● **Exercise**: The entries below should be set down again exactly, with every picture left out.
+++ Record set +++
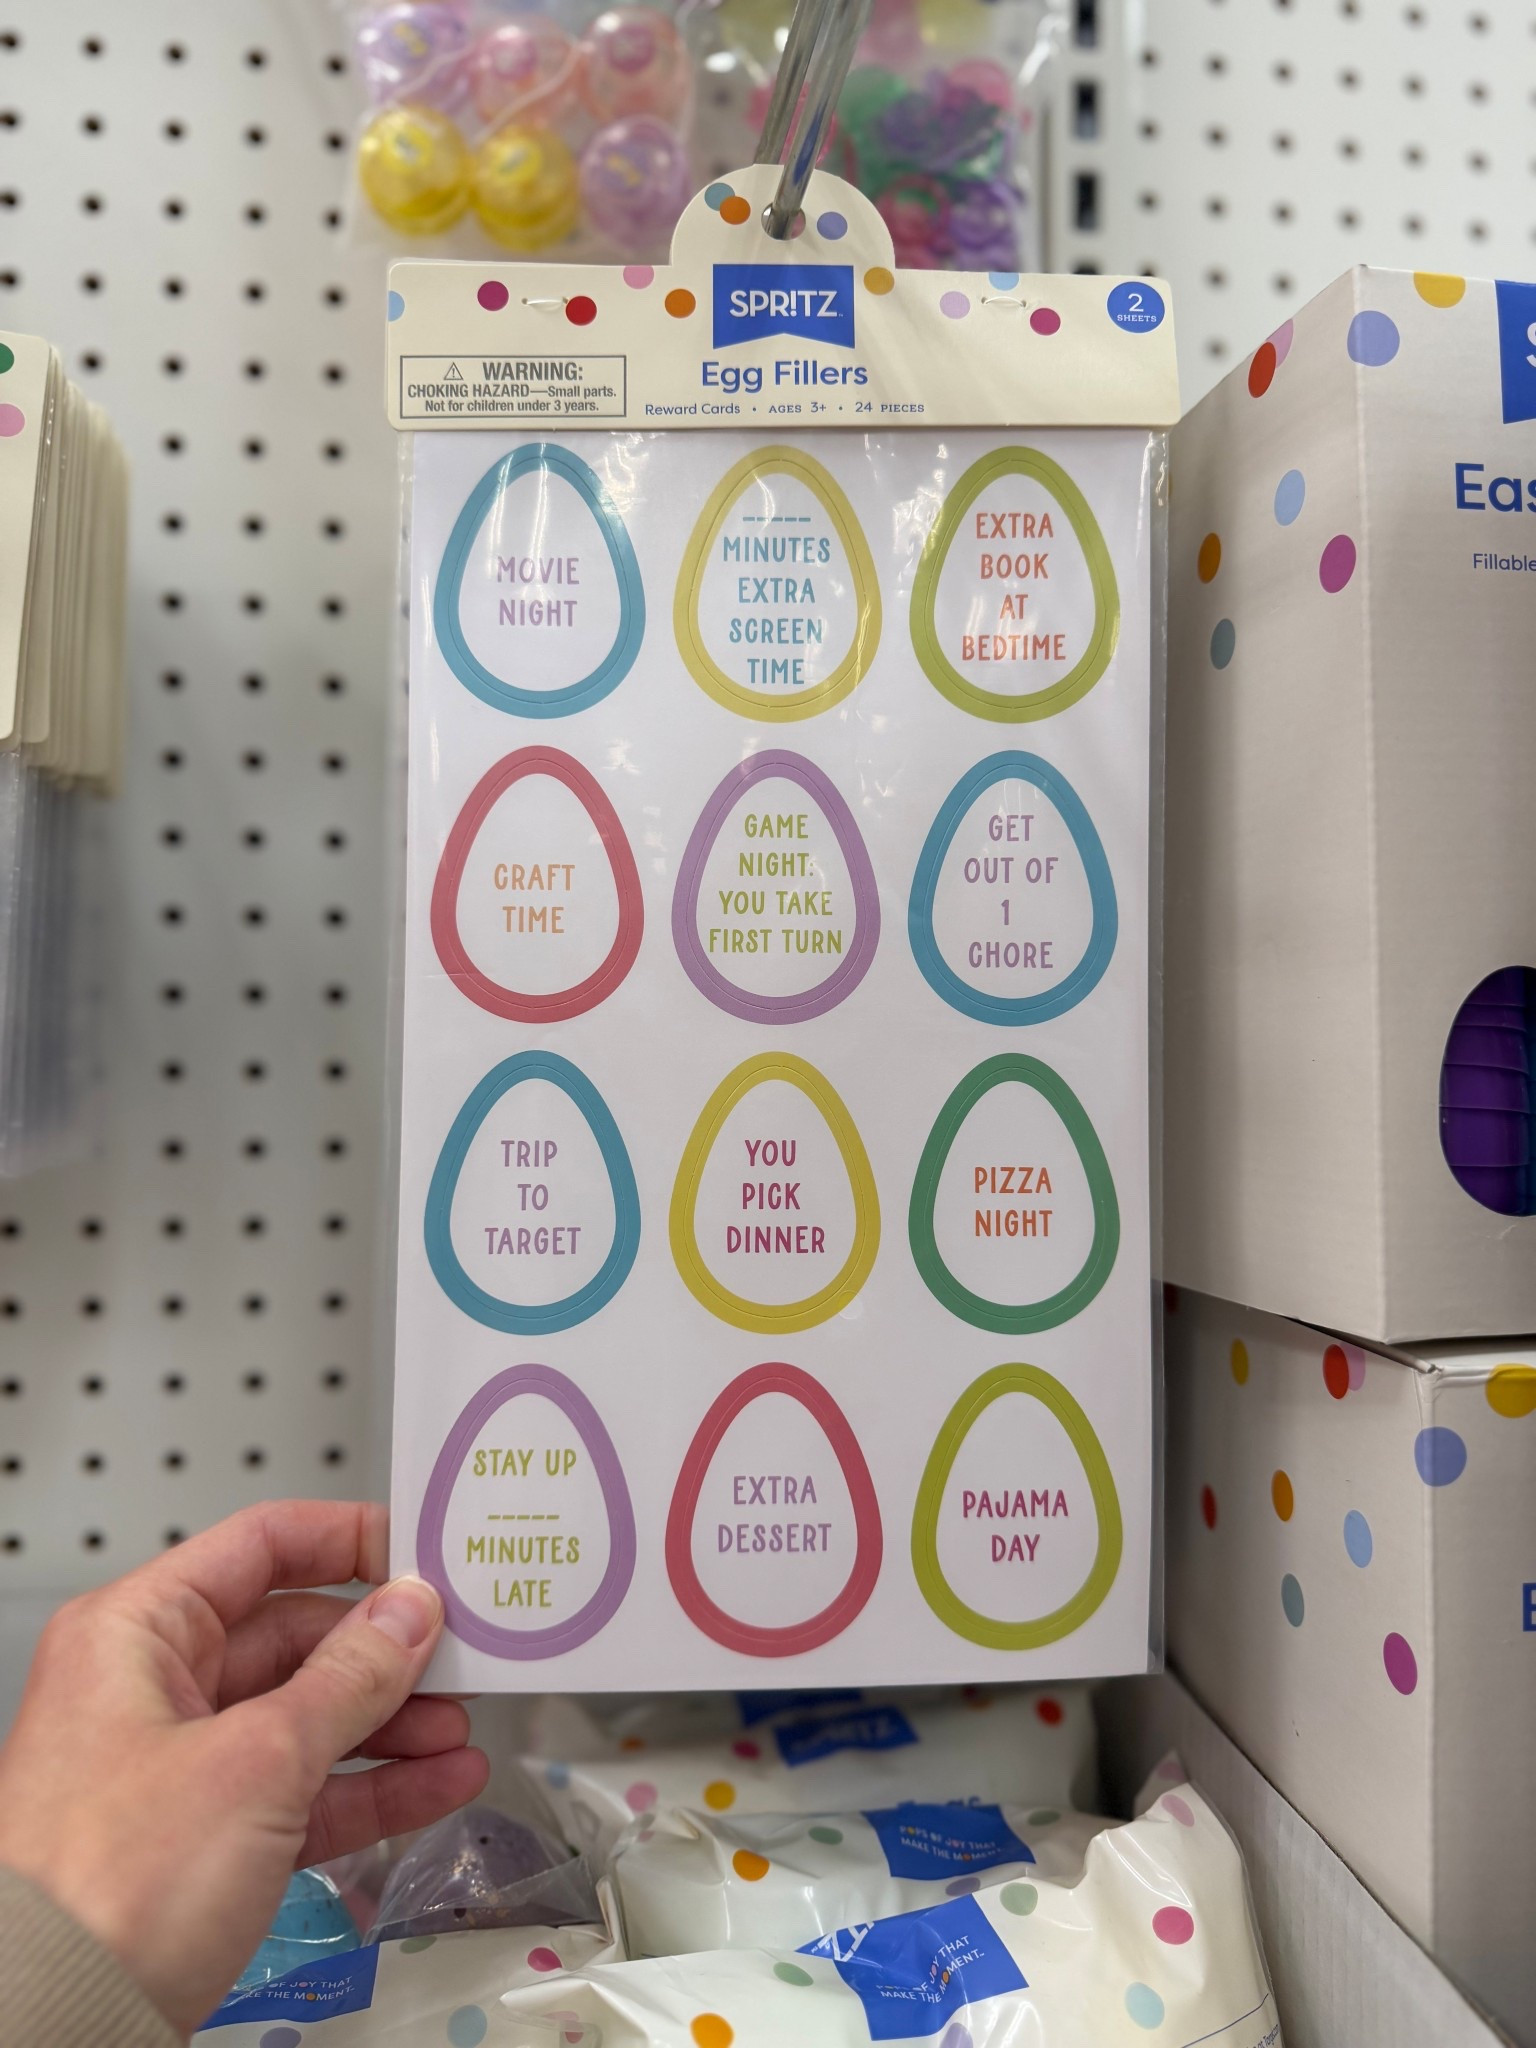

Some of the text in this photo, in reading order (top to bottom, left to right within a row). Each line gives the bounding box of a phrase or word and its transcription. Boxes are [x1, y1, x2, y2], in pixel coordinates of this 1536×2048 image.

[1128, 293, 1144, 312] 2
[1117, 314, 1157, 323] SHEETS
[482, 361, 584, 381] WARNING:
[702, 359, 869, 394] Egg Fillers
[407, 384, 469, 398] CHOKING
[583, 385, 617, 400] parts.
[425, 399, 600, 414] Not for children under 3 years.
[645, 402, 925, 416] Reward Cards AGES 3+ 24 PIECES
[976, 513, 1053, 538] EXTRA
[722, 536, 831, 564] MINUTES
[1473, 552, 1536, 572] Fillable
[496, 556, 580, 585] MOVIE
[981, 554, 1048, 579] BOOK
[739, 578, 815, 603] EXTRA
[500, 594, 577, 626] NIGHT
[1000, 594, 1028, 619] AT
[729, 618, 823, 645] SCREEN
[963, 635, 1065, 661] BEDTIME
[746, 658, 805, 685] TIME
[744, 814, 808, 839] GAME
[989, 815, 1034, 841] GET
[494, 864, 575, 890] CRAFT
[964, 857, 1058, 883] OUT OF
[719, 891, 832, 915] YOU TAKE
[1001, 900, 1009, 925] 1
[503, 906, 564, 933] TIME
[709, 929, 843, 955] FIRST TURN
[969, 942, 1053, 968] CHORE
[501, 1140, 557, 1167] TRIP
[745, 1140, 796, 1166] YOU
[975, 1167, 1051, 1193] PIZZA
[518, 1184, 548, 1210] TO
[743, 1183, 800, 1209] PICK
[976, 1210, 1052, 1236] NIGHT
[485, 1227, 581, 1255] TARGET
[727, 1226, 824, 1253] DINNER
[472, 1448, 576, 1477] STAY UP
[734, 1476, 817, 1505] EXTRA
[963, 1490, 1068, 1518] PAJAMA
[467, 1536, 579, 1564] MINUTES
[718, 1524, 831, 1553] DESSERT
[992, 1535, 1040, 1562] DAY
[494, 1580, 551, 1607] LATE
[938, 1935, 970, 1958] THAT
[267, 1991, 291, 1999] THE
[320, 1975, 353, 1989] THAT
[880, 1990, 917, 2000] MAKE
[918, 1992, 942, 2004] THE
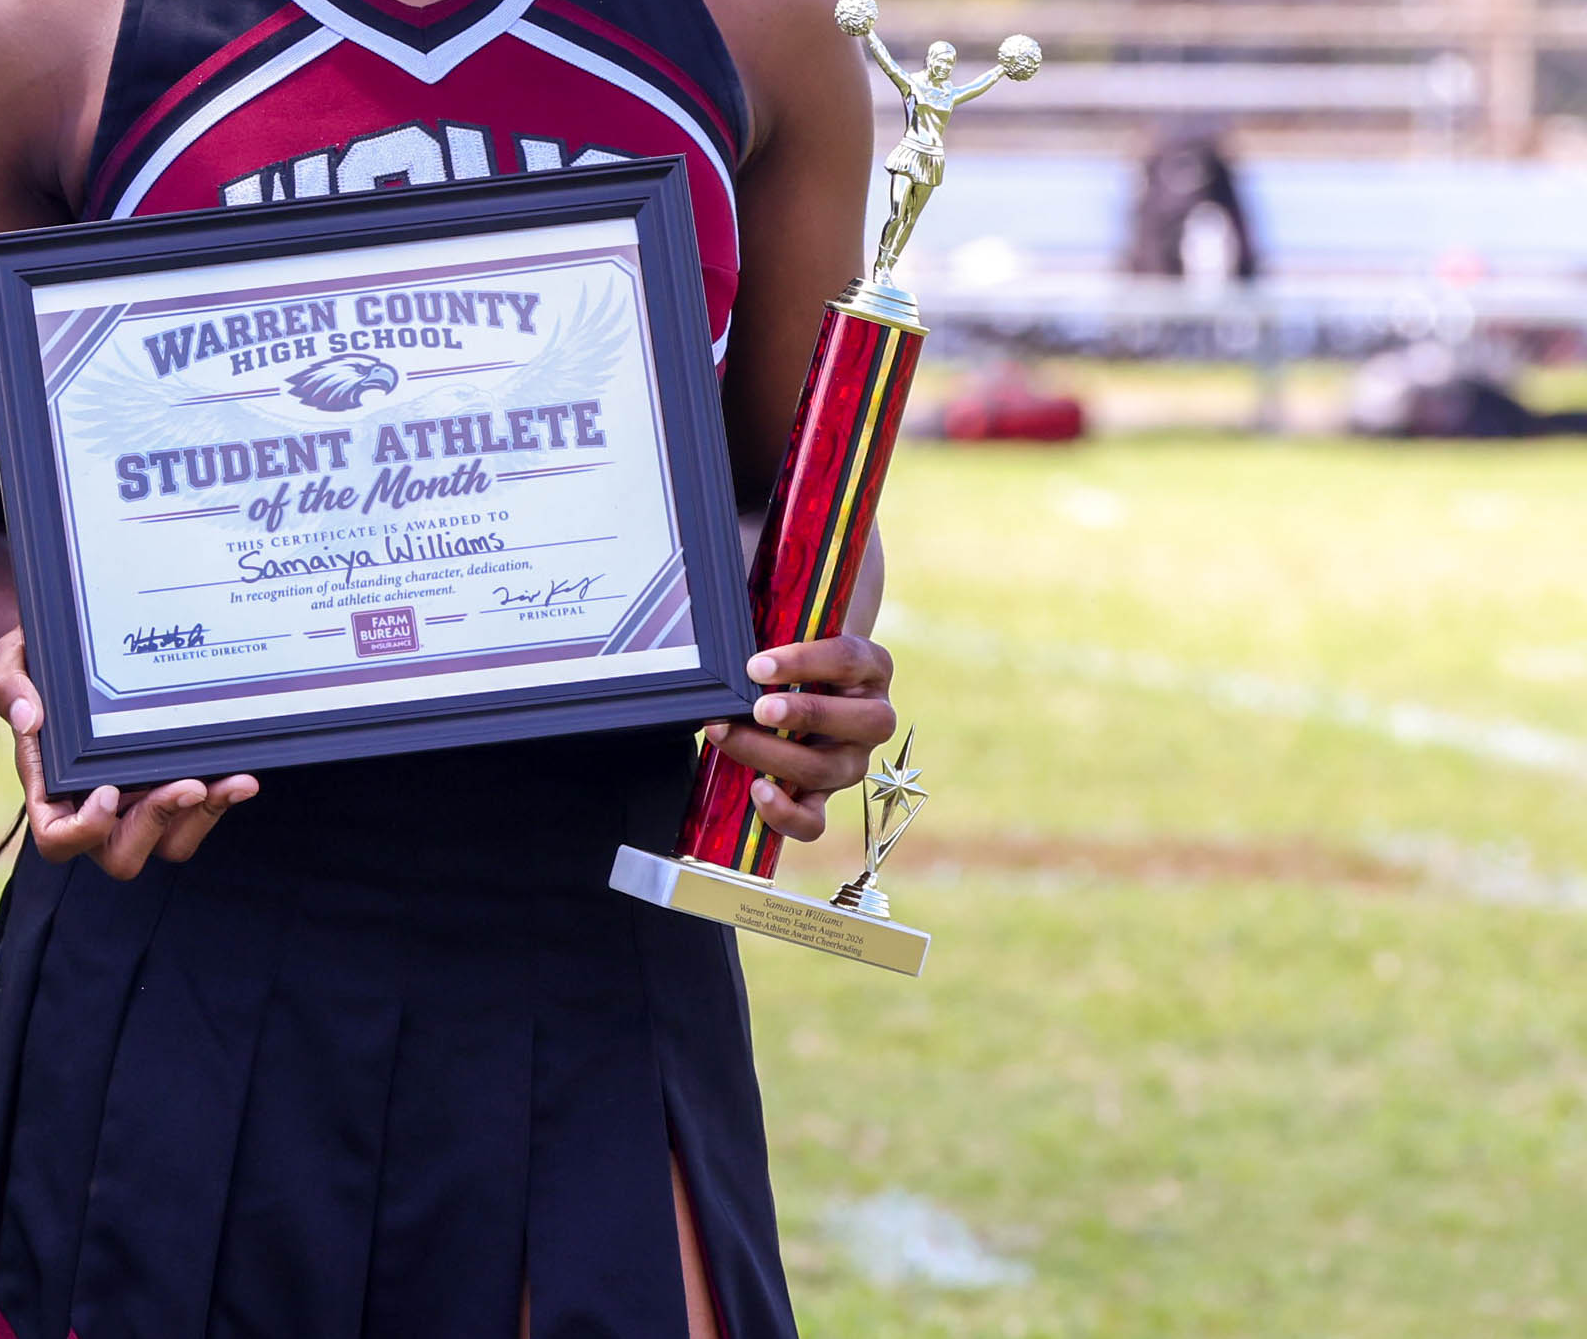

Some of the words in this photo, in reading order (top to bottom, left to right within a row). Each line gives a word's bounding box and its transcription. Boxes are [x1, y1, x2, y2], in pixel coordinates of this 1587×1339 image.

[142, 299, 338, 379] WARREN
[355, 290, 540, 336] COUNTY
[229, 336, 317, 376] HIGH
[329, 328, 462, 354] SCHOOL
[115, 428, 353, 503] STUDENT
[372, 398, 608, 465] ATHLETE
[248, 482, 290, 533] of
[299, 476, 359, 515] the
[362, 458, 493, 514] Month
[227, 540, 264, 553] THIS
[271, 526, 377, 547] CERTIFICATE
[384, 524, 397, 534] IS
[405, 514, 481, 532] AWARDED
[488, 511, 509, 522] TO
[238, 546, 379, 587] Samaiya
[385, 532, 504, 564] Williams
[230, 592, 243, 604] In
[246, 585, 313, 602] recognition
[316, 581, 332, 597] of
[331, 574, 402, 591] outstanding
[405, 569, 464, 583] character,
[466, 560, 533, 577] dedication,
[311, 598, 333, 610] and
[337, 593, 381, 608] athletic
[384, 585, 456, 602] achievement.
[360, 625, 410, 640] BUREAU
[372, 614, 408, 628] FARM
[519, 606, 585, 621] PRINCIPAL
[153, 650, 207, 663] ATHLETIC
[211, 643, 267, 657] DIRECTOR
[740, 903, 764, 917] Warren
[767, 912, 791, 924] County
[794, 919, 817, 932] Eagles
[819, 926, 844, 938] August
[845, 933, 864, 944] 2026
[764, 898, 802, 916] Samaiya
[805, 909, 843, 927] Williams
[735, 914, 790, 934] Student-Athlete
[791, 929, 814, 942] Award
[816, 936, 862, 956] Cheerleading
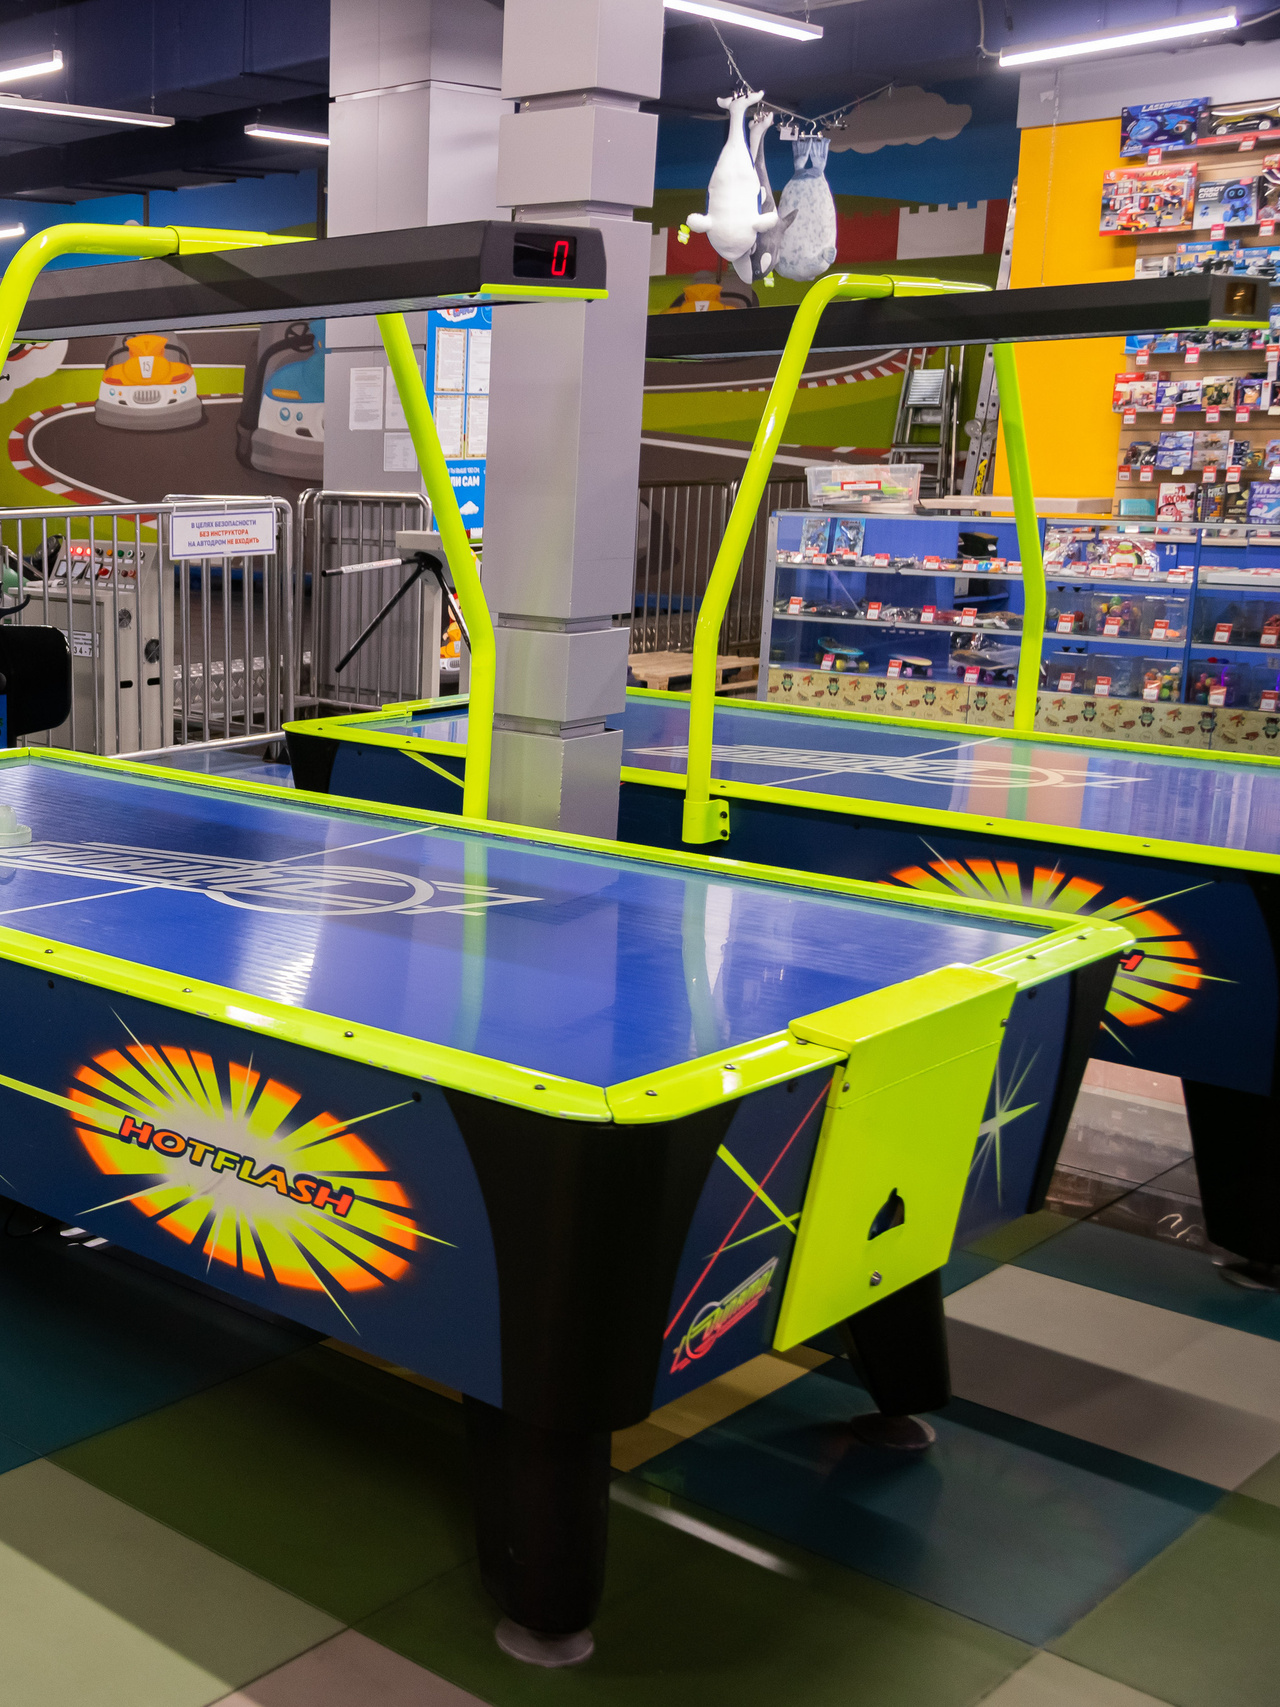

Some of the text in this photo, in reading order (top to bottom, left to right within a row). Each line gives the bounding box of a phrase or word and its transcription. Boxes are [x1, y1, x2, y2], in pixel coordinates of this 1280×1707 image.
+++
● **Your response**:
Some of the text in this photo, in reading order (top to bottom, left to right within a row). Each line gives the bounding box of a phrase or word and its transcription. Boxes are [x1, y1, x2, y2], in pixel coordinates of this 1536×2048 image.

[1128, 293, 1144, 312] 2
[1117, 314, 1157, 323] SHEETS
[482, 361, 584, 381] WARNING:
[702, 359, 869, 394] Egg Fillers
[407, 384, 469, 398] CHOKING
[583, 385, 617, 400] parts.
[425, 399, 600, 414] Not for children under 3 years.
[645, 402, 925, 416] Reward Cards AGES 3+ 24 PIECES
[976, 513, 1053, 538] EXTRA
[722, 536, 831, 564] MINUTES
[1473, 552, 1536, 572] Fillable
[496, 556, 580, 585] MOVIE
[981, 554, 1048, 579] BOOK
[739, 578, 815, 603] EXTRA
[500, 594, 577, 626] NIGHT
[1000, 594, 1028, 619] AT
[729, 618, 823, 645] SCREEN
[963, 635, 1065, 661] BEDTIME
[746, 658, 805, 685] TIME
[744, 814, 808, 839] GAME
[989, 815, 1034, 841] GET
[494, 864, 575, 890] CRAFT
[964, 857, 1058, 883] OUT OF
[719, 891, 832, 915] YOU TAKE
[1001, 900, 1009, 925] 1
[503, 906, 564, 933] TIME
[709, 929, 843, 955] FIRST TURN
[969, 942, 1053, 968] CHORE
[501, 1140, 557, 1167] TRIP
[745, 1140, 796, 1166] YOU
[975, 1167, 1051, 1193] PIZZA
[518, 1184, 548, 1210] TO
[743, 1183, 800, 1209] PICK
[976, 1210, 1052, 1236] NIGHT
[485, 1227, 581, 1255] TARGET
[727, 1226, 824, 1253] DINNER
[472, 1448, 576, 1477] STAY UP
[734, 1476, 817, 1505] EXTRA
[963, 1490, 1068, 1518] PAJAMA
[467, 1536, 579, 1564] MINUTES
[718, 1524, 831, 1553] DESSERT
[992, 1535, 1040, 1562] DAY
[494, 1580, 551, 1607] LATE
[938, 1935, 970, 1958] THAT
[267, 1991, 291, 1999] THE
[320, 1975, 353, 1989] THAT
[880, 1990, 917, 2000] MAKE
[918, 1992, 942, 2004] THE

Some of the words in this photo, in reading order (top to bottom, left to right within a row). Each line gives a word's bounding box and its transcription. Boxes are [x1, y1, x2, y2], in pixel coordinates of this 1587×1339 image.

[142, 299, 338, 379] WARREN
[355, 290, 540, 336] COUNTY
[229, 336, 317, 376] HIGH
[329, 328, 462, 354] SCHOOL
[115, 428, 353, 503] STUDENT
[372, 398, 608, 465] ATHLETE
[248, 482, 290, 533] of
[299, 476, 359, 515] the
[362, 458, 493, 514] Month
[227, 540, 264, 553] THIS
[271, 526, 377, 547] CERTIFICATE
[384, 524, 397, 534] IS
[405, 514, 481, 532] AWARDED
[488, 511, 509, 522] TO
[238, 546, 379, 587] Samaiya
[385, 532, 504, 564] Williams
[230, 592, 243, 604] In
[246, 585, 313, 602] recognition
[316, 581, 332, 597] of
[331, 574, 402, 591] outstanding
[405, 569, 464, 583] character,
[466, 560, 533, 577] dedication,
[311, 598, 333, 610] and
[337, 593, 381, 608] athletic
[384, 585, 456, 602] achievement.
[360, 625, 410, 640] BUREAU
[372, 614, 408, 628] FARM
[519, 606, 585, 621] PRINCIPAL
[153, 650, 207, 663] ATHLETIC
[211, 643, 267, 657] DIRECTOR
[740, 903, 764, 917] Warren
[767, 912, 791, 924] County
[794, 919, 817, 932] Eagles
[819, 926, 844, 938] August
[845, 933, 864, 944] 2026
[764, 898, 802, 916] Samaiya
[805, 909, 843, 927] Williams
[735, 914, 790, 934] Student-Athlete
[791, 929, 814, 942] Award
[816, 936, 862, 956] Cheerleading

Some of the text in this photo, in reading order (top to bottom, left to right within a row). Each line gives the bounding box of a phrase or word and its transcription. Boxes are [x1, y1, x2, y2], in pixel coordinates of this 1280×1707 image.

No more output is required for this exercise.